> [PROVIDED DATA]:
%%

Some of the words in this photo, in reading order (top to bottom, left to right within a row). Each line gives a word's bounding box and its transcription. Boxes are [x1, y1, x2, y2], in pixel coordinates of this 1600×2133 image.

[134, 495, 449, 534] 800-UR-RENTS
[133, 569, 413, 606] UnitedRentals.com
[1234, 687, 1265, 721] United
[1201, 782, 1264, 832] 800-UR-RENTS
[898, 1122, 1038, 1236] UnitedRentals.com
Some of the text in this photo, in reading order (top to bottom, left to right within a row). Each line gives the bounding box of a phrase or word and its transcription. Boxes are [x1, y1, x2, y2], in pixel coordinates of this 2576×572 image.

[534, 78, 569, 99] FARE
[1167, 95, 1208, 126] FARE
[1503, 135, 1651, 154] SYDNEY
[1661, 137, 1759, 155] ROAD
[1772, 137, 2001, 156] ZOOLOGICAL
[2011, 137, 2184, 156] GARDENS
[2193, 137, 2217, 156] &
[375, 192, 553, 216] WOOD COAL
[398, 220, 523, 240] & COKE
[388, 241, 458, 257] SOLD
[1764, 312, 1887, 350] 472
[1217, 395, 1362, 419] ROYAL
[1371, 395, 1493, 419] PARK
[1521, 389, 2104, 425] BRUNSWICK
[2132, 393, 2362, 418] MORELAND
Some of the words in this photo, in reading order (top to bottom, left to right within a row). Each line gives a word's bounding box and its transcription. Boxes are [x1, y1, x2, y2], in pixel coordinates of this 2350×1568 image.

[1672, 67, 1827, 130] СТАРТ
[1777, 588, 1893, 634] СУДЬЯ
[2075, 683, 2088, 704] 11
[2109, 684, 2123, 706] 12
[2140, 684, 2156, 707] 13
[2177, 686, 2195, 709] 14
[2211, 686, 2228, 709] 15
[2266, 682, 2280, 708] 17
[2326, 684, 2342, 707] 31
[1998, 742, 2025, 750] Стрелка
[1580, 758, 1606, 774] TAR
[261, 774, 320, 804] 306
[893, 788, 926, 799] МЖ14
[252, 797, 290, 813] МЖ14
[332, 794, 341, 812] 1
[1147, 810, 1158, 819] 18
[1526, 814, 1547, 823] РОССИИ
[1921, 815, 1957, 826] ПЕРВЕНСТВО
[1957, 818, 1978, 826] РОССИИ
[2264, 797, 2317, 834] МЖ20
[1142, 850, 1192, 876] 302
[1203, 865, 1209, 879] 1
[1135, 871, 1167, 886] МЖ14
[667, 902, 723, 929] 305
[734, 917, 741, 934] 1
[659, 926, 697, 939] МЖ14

%%

> [WHAT THE EXERCISE ASKS]: The data must be printed verbatim, line by line.

> [RESPONSE TO THE TASK]:
Some of the words in this photo, in reading order (top to bottom, left to right within a row). Each line gives a word's bounding box and its transcription. Boxes are [x1, y1, x2, y2], in pixel coordinates of this 1600×2133 image.

[134, 495, 449, 534] 800-UR-RENTS
[133, 569, 413, 606] UnitedRentals.com
[1234, 687, 1265, 721] United
[1201, 782, 1264, 832] 800-UR-RENTS
[898, 1122, 1038, 1236] UnitedRentals.com
Some of the text in this photo, in reading order (top to bottom, left to right within a row). Each line gives the bounding box of a phrase or word and its transcription. Boxes are [x1, y1, x2, y2], in pixel coordinates of this 2576×572 image.

[534, 78, 569, 99] FARE
[1167, 95, 1208, 126] FARE
[1503, 135, 1651, 154] SYDNEY
[1661, 137, 1759, 155] ROAD
[1772, 137, 2001, 156] ZOOLOGICAL
[2011, 137, 2184, 156] GARDENS
[2193, 137, 2217, 156] &
[375, 192, 553, 216] WOOD COAL
[398, 220, 523, 240] & COKE
[388, 241, 458, 257] SOLD
[1764, 312, 1887, 350] 472
[1217, 395, 1362, 419] ROYAL
[1371, 395, 1493, 419] PARK
[1521, 389, 2104, 425] BRUNSWICK
[2132, 393, 2362, 418] MORELAND
Some of the words in this photo, in reading order (top to bottom, left to right within a row). Each line gives a word's bounding box and its transcription. Boxes are [x1, y1, x2, y2], in pixel coordinates of this 2350×1568 image.

[1672, 67, 1827, 130] СТАРТ
[1777, 588, 1893, 634] СУДЬЯ
[2075, 683, 2088, 704] 11
[2109, 684, 2123, 706] 12
[2140, 684, 2156, 707] 13
[2177, 686, 2195, 709] 14
[2211, 686, 2228, 709] 15
[2266, 682, 2280, 708] 17
[2326, 684, 2342, 707] 31
[1998, 742, 2025, 750] Стрелка
[1580, 758, 1606, 774] TAR
[261, 774, 320, 804] 306
[893, 788, 926, 799] МЖ14
[252, 797, 290, 813] МЖ14
[332, 794, 341, 812] 1
[1147, 810, 1158, 819] 18
[1526, 814, 1547, 823] РОССИИ
[1921, 815, 1957, 826] ПЕРВЕНСТВО
[1957, 818, 1978, 826] РОССИИ
[2264, 797, 2317, 834] МЖ20
[1142, 850, 1192, 876] 302
[1203, 865, 1209, 879] 1
[1135, 871, 1167, 886] МЖ14
[667, 902, 723, 929] 305
[734, 917, 741, 934] 1
[659, 926, 697, 939] МЖ14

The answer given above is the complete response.